◆ TASK BRIEF:
After finding the line that contains "this 1904×1428 image." in the material below, print that line and all subsequent lines exactly, up to and including the last.

◆ RECORDS SHOWN:
+ + + + +

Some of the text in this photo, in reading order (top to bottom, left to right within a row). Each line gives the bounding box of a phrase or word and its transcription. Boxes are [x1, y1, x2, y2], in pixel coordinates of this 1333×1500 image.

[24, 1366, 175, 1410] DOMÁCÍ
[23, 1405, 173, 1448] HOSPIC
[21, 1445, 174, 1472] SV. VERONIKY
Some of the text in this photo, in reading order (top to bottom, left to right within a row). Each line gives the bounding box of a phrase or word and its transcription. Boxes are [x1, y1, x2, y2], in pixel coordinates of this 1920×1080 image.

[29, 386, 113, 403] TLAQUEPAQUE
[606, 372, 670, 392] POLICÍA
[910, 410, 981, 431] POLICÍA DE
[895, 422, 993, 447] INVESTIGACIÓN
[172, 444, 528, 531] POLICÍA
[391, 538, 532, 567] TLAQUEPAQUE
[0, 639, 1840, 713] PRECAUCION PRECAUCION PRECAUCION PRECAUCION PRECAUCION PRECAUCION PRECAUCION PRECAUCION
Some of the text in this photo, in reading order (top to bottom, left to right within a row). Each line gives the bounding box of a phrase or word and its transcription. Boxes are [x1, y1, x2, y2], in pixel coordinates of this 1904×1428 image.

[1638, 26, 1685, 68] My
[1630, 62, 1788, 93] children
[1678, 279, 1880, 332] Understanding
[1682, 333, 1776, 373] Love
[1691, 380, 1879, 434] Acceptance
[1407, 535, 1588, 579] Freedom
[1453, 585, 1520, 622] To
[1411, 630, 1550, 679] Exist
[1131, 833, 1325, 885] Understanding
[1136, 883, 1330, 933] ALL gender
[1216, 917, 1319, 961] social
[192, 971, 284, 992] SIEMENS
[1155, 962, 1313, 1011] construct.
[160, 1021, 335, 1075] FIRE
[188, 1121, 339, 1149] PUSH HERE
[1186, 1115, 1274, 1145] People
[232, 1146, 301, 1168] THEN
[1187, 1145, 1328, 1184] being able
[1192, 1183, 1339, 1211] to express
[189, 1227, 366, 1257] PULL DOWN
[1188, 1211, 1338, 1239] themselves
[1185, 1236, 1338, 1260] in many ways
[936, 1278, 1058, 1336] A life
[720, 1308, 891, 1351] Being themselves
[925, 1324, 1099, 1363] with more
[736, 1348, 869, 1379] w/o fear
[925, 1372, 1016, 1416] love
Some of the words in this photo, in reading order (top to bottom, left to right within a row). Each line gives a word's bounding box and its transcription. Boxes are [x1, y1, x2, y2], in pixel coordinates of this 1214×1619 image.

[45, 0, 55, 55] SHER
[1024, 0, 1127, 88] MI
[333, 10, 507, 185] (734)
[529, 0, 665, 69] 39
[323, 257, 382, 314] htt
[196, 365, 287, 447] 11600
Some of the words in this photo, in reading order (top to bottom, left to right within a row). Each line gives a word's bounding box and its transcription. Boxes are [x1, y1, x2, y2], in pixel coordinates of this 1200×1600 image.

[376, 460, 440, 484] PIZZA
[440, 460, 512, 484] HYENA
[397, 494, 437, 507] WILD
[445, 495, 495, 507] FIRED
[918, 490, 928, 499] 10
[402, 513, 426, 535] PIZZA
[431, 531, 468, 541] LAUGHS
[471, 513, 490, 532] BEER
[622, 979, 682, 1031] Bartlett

+ + + + +

◆ RESULT:
Some of the text in this photo, in reading order (top to bottom, left to right within a row). Each line gives the bounding box of a phrase or word and its transcription. Boxes are [x1, y1, x2, y2], in pixel coordinates of this 1904×1428 image.

[1638, 26, 1685, 68] My
[1630, 62, 1788, 93] children
[1678, 279, 1880, 332] Understanding
[1682, 333, 1776, 373] Love
[1691, 380, 1879, 434] Acceptance
[1407, 535, 1588, 579] Freedom
[1453, 585, 1520, 622] To
[1411, 630, 1550, 679] Exist
[1131, 833, 1325, 885] Understanding
[1136, 883, 1330, 933] ALL gender
[1216, 917, 1319, 961] social
[192, 971, 284, 992] SIEMENS
[1155, 962, 1313, 1011] construct.
[160, 1021, 335, 1075] FIRE
[188, 1121, 339, 1149] PUSH HERE
[1186, 1115, 1274, 1145] People
[232, 1146, 301, 1168] THEN
[1187, 1145, 1328, 1184] being able
[1192, 1183, 1339, 1211] to express
[189, 1227, 366, 1257] PULL DOWN
[1188, 1211, 1338, 1239] themselves
[1185, 1236, 1338, 1260] in many ways
[936, 1278, 1058, 1336] A life
[720, 1308, 891, 1351] Being themselves
[925, 1324, 1099, 1363] with more
[736, 1348, 869, 1379] w/o fear
[925, 1372, 1016, 1416] love
Some of the words in this photo, in reading order (top to bottom, left to right within a row). Each line gives a word's bounding box and its transcription. Boxes are [x1, y1, x2, y2], in pixel coordinates of this 1214×1619 image.

[45, 0, 55, 55] SHER
[1024, 0, 1127, 88] MI
[333, 10, 507, 185] (734)
[529, 0, 665, 69] 39
[323, 257, 382, 314] htt
[196, 365, 287, 447] 11600
Some of the words in this photo, in reading order (top to bottom, left to right within a row). Each line gives a word's bounding box and its transcription. Boxes are [x1, y1, x2, y2], in pixel coordinates of this 1200×1600 image.

[376, 460, 440, 484] PIZZA
[440, 460, 512, 484] HYENA
[397, 494, 437, 507] WILD
[445, 495, 495, 507] FIRED
[918, 490, 928, 499] 10
[402, 513, 426, 535] PIZZA
[431, 531, 468, 541] LAUGHS
[471, 513, 490, 532] BEER
[622, 979, 682, 1031] Bartlett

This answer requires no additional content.